Dans certains cas, la communauté qui entoure ces centres de recherche les rapproche à des intérêts politiques ou économiques particuliers et les dispose à adopter des postures idéologiques ou cognitives spécifiques. Le Centre interuniversitaire de recherche en analyse des organisations (1993), par exemple, est soutenu par une collection de « partenaires » universitaires, gouvernementaux et privés correspondant à une position politique à l’écoute des préoccupations du patronat québécois en matière de compétitivité et de performance économique[47]. L’Institut du Québec (2014) né d’une collaboration entre HEC Montréal et le Conference Board of Canada occupe une position structurelle similaire. Le Centre sur la productivité et la prospérité (2009), à HEC Montréal, pour sa part, est formellement associé à une fondation privée et plus ouvertement militant dans ses positions néolibérales. Ces centres contrastent vivement avec le Parkland Institute (1996) de l’Université de l’Alberta, par exemple, qui intègre une communauté d’intellectuels activistes de gauche plus près des milieux syndicaux.

Dans une certaine mesure, le rapprochement entre le monde des think tanks et celui des centres et instituts universitaires découle de propriétés plus anciennes propres aux sciences sociales. Ces propriétés incluent la valorisation de l’utilité sociale des découvertes et les réseaux que tissent les spécialistes avec une communauté plus large d’acteurs sociaux[48]. Au cours du XXe siècle, ces conditions ont facilité la création de divers centres de recherche, mais la transformation des normes du monde universitaire depuis les années 1980 favorise une convergence d’autant plus prononcée avec le monde des laboratoires d’idées en encourageant la diffusion plus large des connaissances universitaires et en orientant les programmes de recherche vers la prestation de services. Dans les années 2000, cette tendance devient particulièrement manifeste avec l’émergence d’écoles de politiques publiques qui organisent des forums et produisent des rapports en plus de vaquer à leurs fonctions de recherche et de formation. Celles-ci incluent la Munk School of Global Affairs (2000) de l’Université de Toronto, la Johnson-Shoyama Graduate School of Public Policy (2007) en Saskatchewan et la School of Public Policy (2008) de l’Université de Calgary. On remarque aussi cette tendance dans la Rotman School of Management de l’Université de Toronto qui crée ou consolide plusieurs instituts de recherche dans les années 2000.

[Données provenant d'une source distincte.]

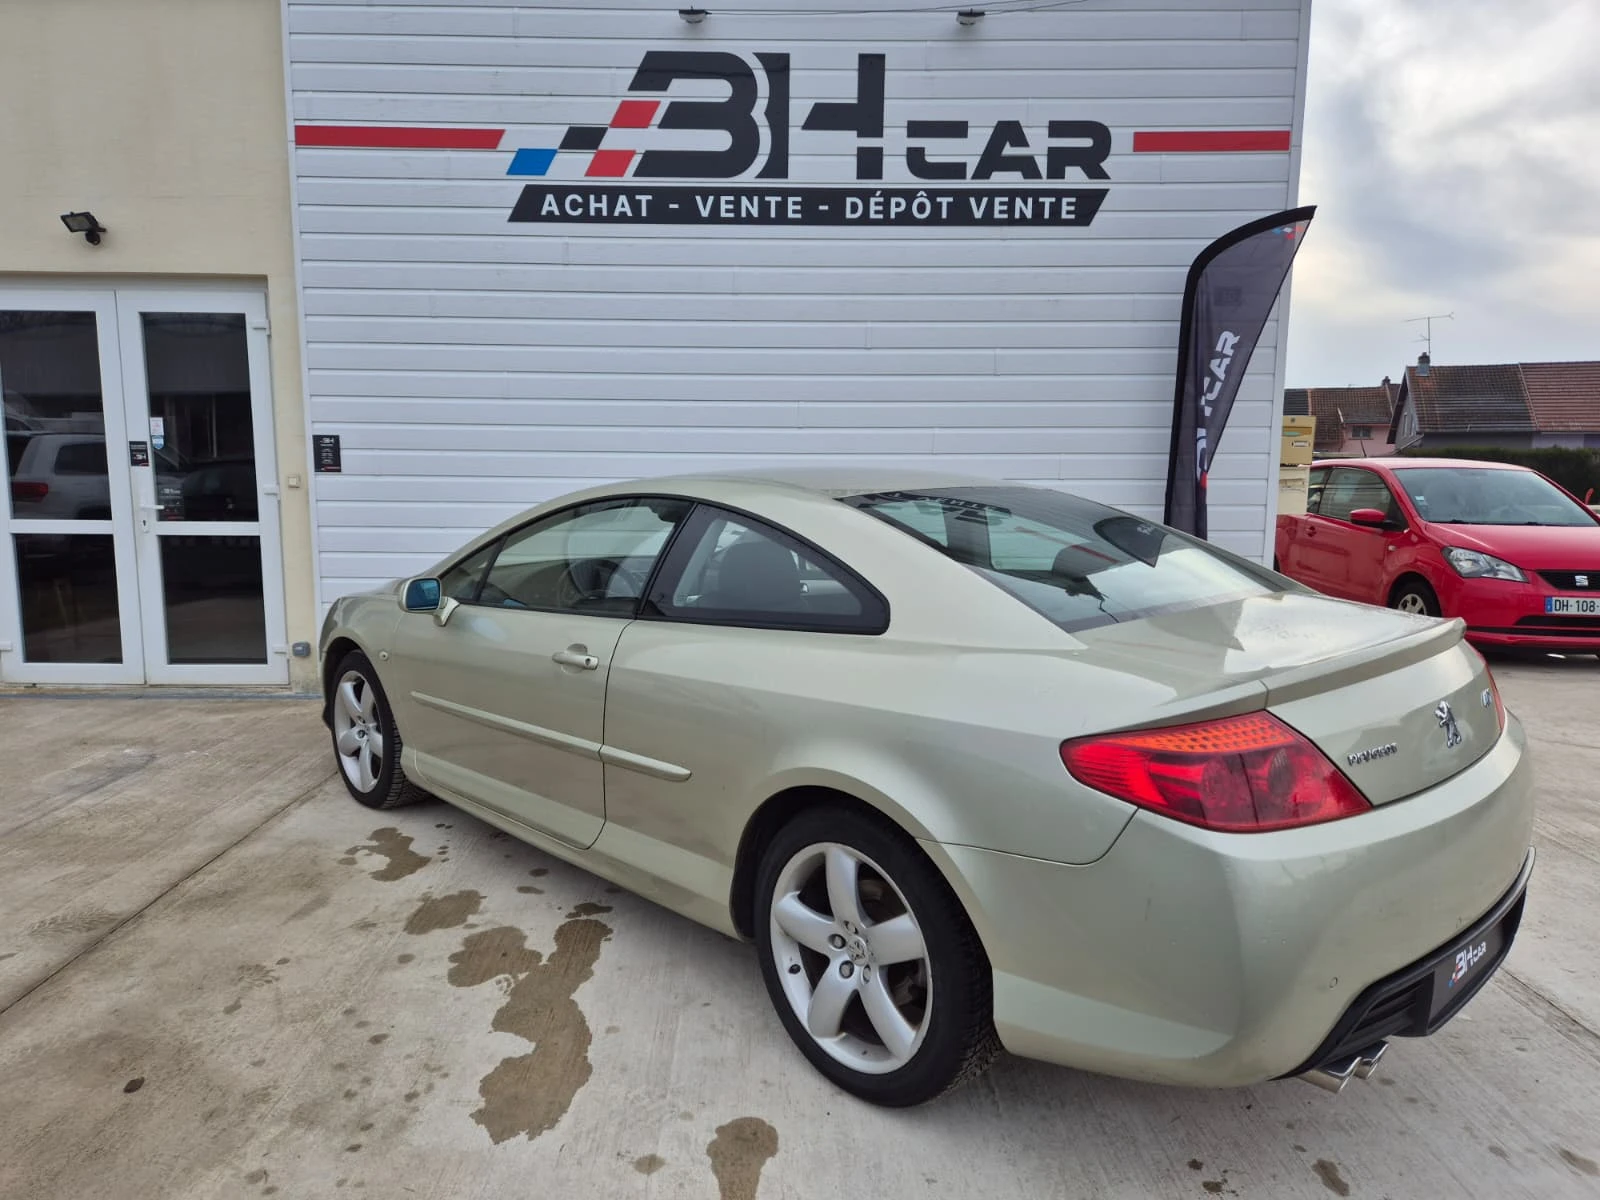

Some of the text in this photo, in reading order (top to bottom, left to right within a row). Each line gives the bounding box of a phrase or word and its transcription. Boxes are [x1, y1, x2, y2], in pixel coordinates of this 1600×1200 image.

[627, 51, 1112, 180] BH CAR
[541, 194, 654, 217] ACHAT
[696, 195, 803, 219] VENTE
[845, 190, 954, 220] DÉPÔT
[969, 196, 1077, 220] VENTE

Si la tendance se maintient, on peut croire que les universités vont continuer à constituer un terrain de croissance organisationnelle propice pour des organisations qui se rapprochent de la figure du laboratoire d’idées. Plusieurs de ces organisations demeurent mariées à la logique du champ universitaire, mais la réorganisation des normes de ce champ offre une marge de manoeuvre pour la réorientation de ses ressources vers l’entretien de mobiles portés aux interventions publiques et à l’analyse des politiques publiques.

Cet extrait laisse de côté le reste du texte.